The International Red Cross Movement is largely responsible for the existence of these laws. The organisation was founded on principles outlined by Swiss activist Henry Dunant who was a founder of the International Committee of the Red Cross (ICRC) and the first ever Nobel Peace Prize winner along with economist Frederic Passy.
Dunant’s principles informed the agreement of the Geneva Conventions which requires signatories to recognise the Red Cross as an impartial agent of humanitarian support to all sides in time of conflict.
Numerous other IHL treaties and declarations have followed the initial Geneva Convention (1864) such as the Hague Conventions (1899 & 1907), the four Geneva Conventions (1949) and the Convention on Cluster Munitions, adopted by 107 States in Dublin in 2008.
All countries in the world have ratified the Geneva Conventions and therefore are obliged to promote public awareness and understanding of IHL. The International Red Cross Movement is also tasked with promoting IHL. So at home, it is the responsibility of the Irish Red Cross, like all national societies, to promote respect and understanding for IHL in the community. We take part in this through campaigns, conferences and other forms of communications and education, including our annual IHL Competition, the Corn Adomnáin.
Ireland and IHL
Ireland is renowned across the world for responding to crises and helping in under-developed areas.
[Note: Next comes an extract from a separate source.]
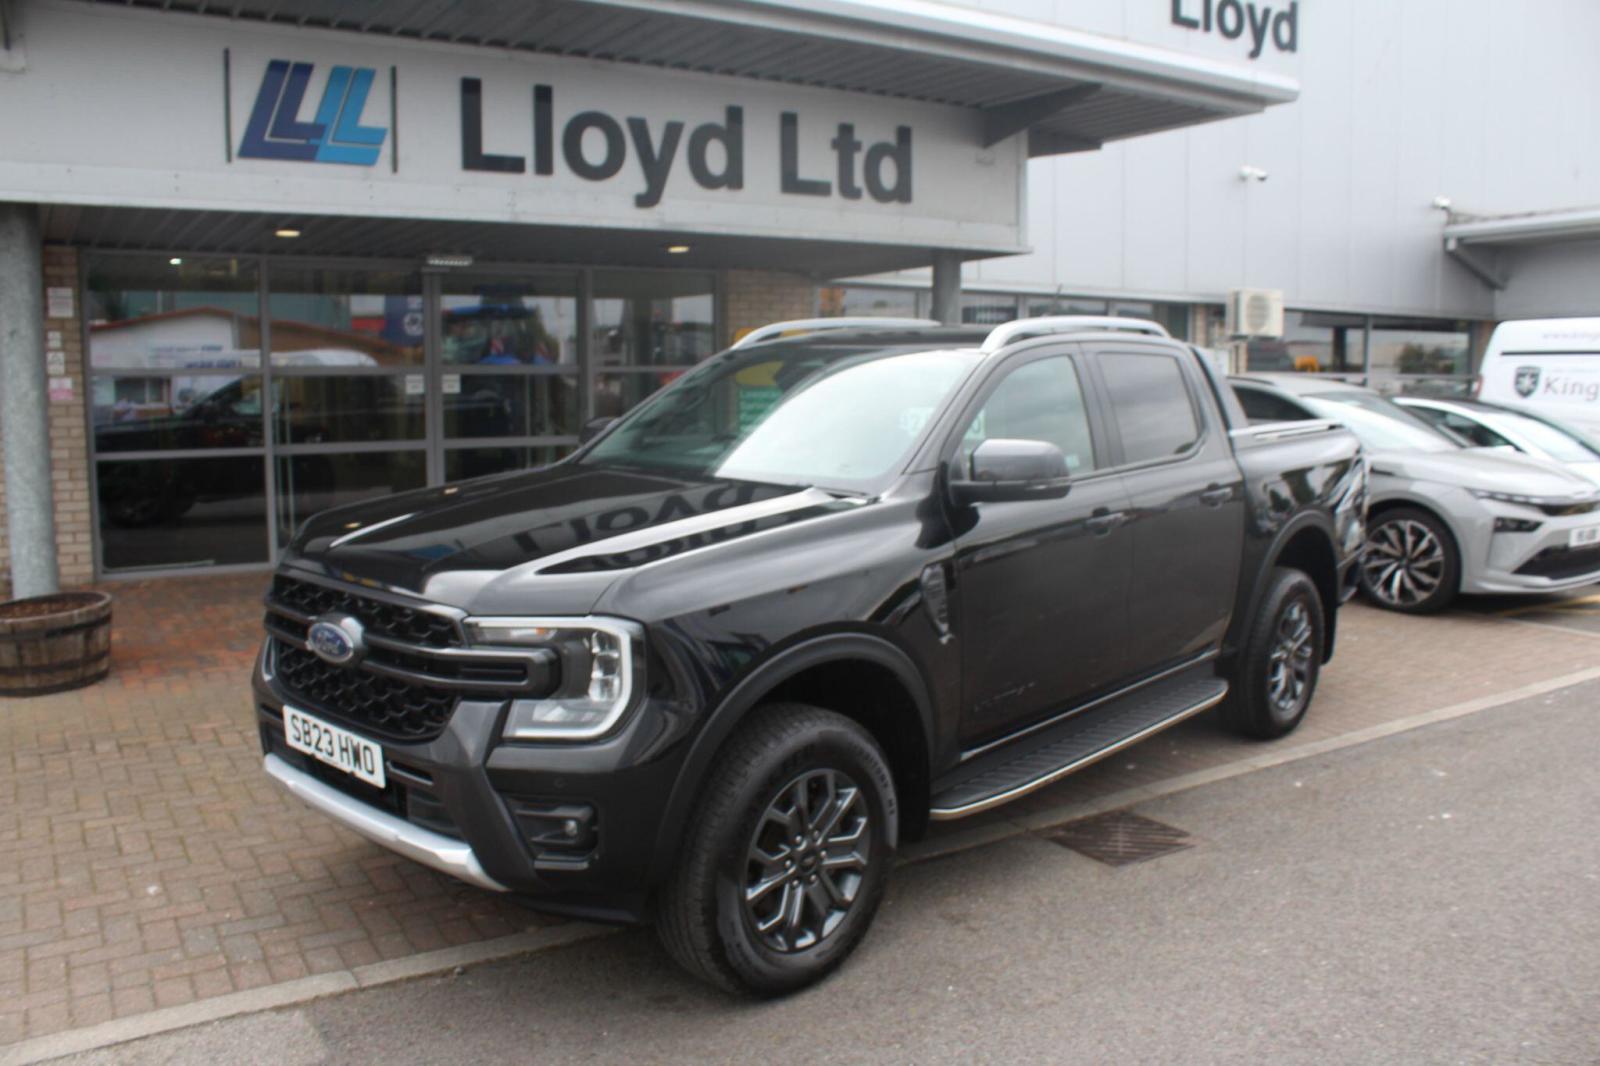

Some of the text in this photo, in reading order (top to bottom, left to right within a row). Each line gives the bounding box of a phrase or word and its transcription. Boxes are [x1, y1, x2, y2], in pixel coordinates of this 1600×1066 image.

[460, 76, 913, 208] Lloyd Ltd
[290, 713, 376, 776] SB23 HWO
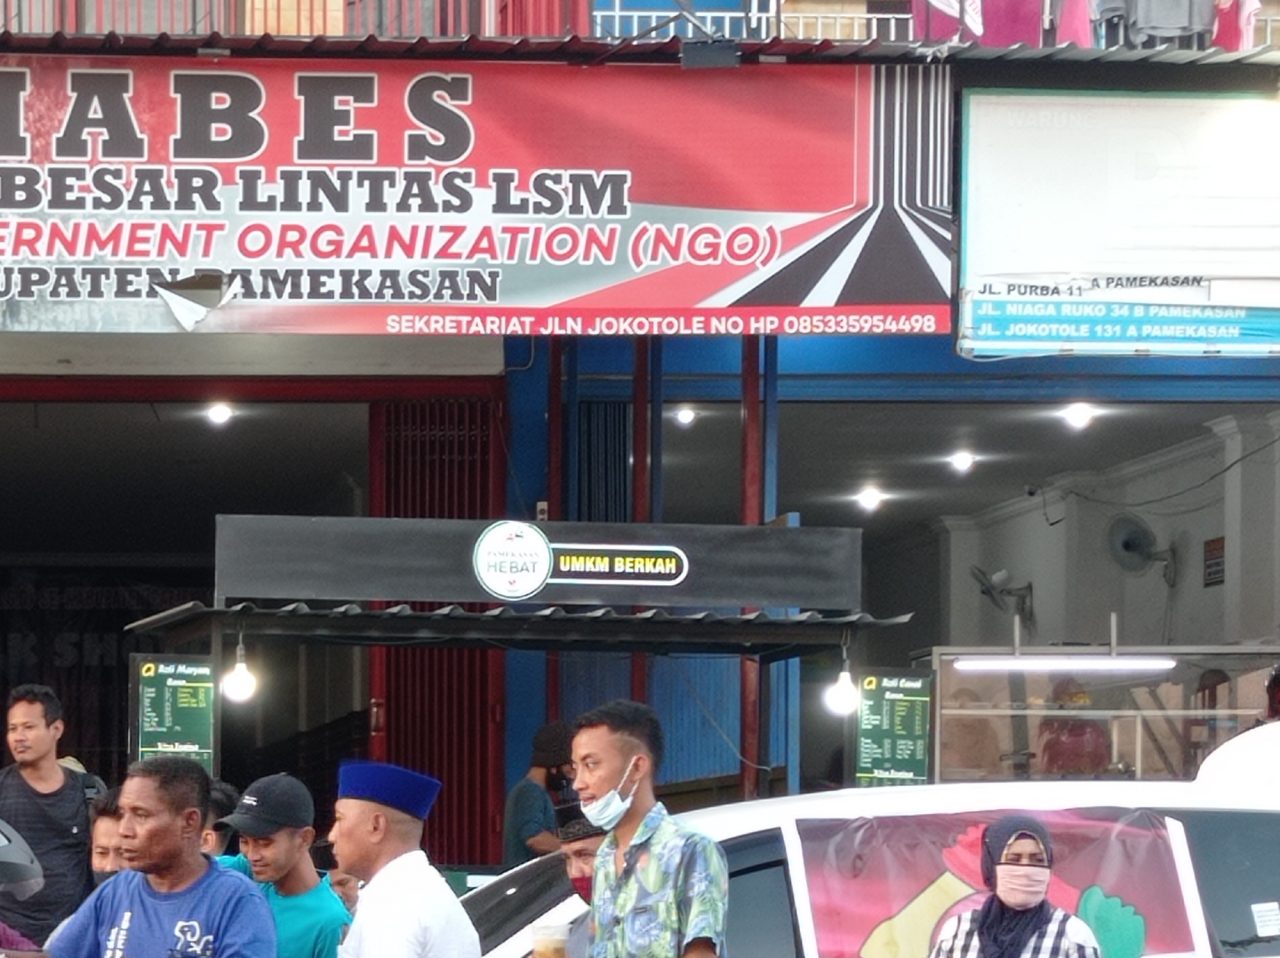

Ireland has ratified a large number of IHL treaties and in 2008 Ireland helped broker agreement on the Convention on Cluster Munitions adopted by 107 states in Dublin.
IHL plays an important part in protecting those of us who travel to dangerous places on humanitarian grounds. Our many aid workers need knowledge of IHL to protect themselves and those they assist. For Irish Defence Forces on peacekeeping missions with the UN and EU, IHL is often a critical aspect of their mandate. Members of An Garda Síochána and representatives of government departments and diplomatic corps are also afforded vital protections overseas.
Respect for IHL saves lives, reduces human suffering and ensures protection of human dignity.
At home, it is equally important that members of the general public are also informed about IHL. For example, it is crucial that people are aware of the correct use of the Red Cross emblem not only to avoid penalties under Irish law but in order to have a genuine understanding of why the emblem must be protected, and the unique role of the Red Cross, particularly in times of armed conflict. It is also the responsibility of the Irish Red Cross, like all national societies, to undertake a range of actions to promote respect for IHL and support the dissemination of IHL in the community.
It is also the responsibility of the Irish Red Cross, like all national societies, to undertake a range of actions to promote respect and understanding of IHL in the community.
For IHL to be useful in times of war it must be understood during times of peace. When conflict occurs, it is often too late.
For more information on IHL, please email email@example.com or call (01) 642 4600.
Last updated July 2020.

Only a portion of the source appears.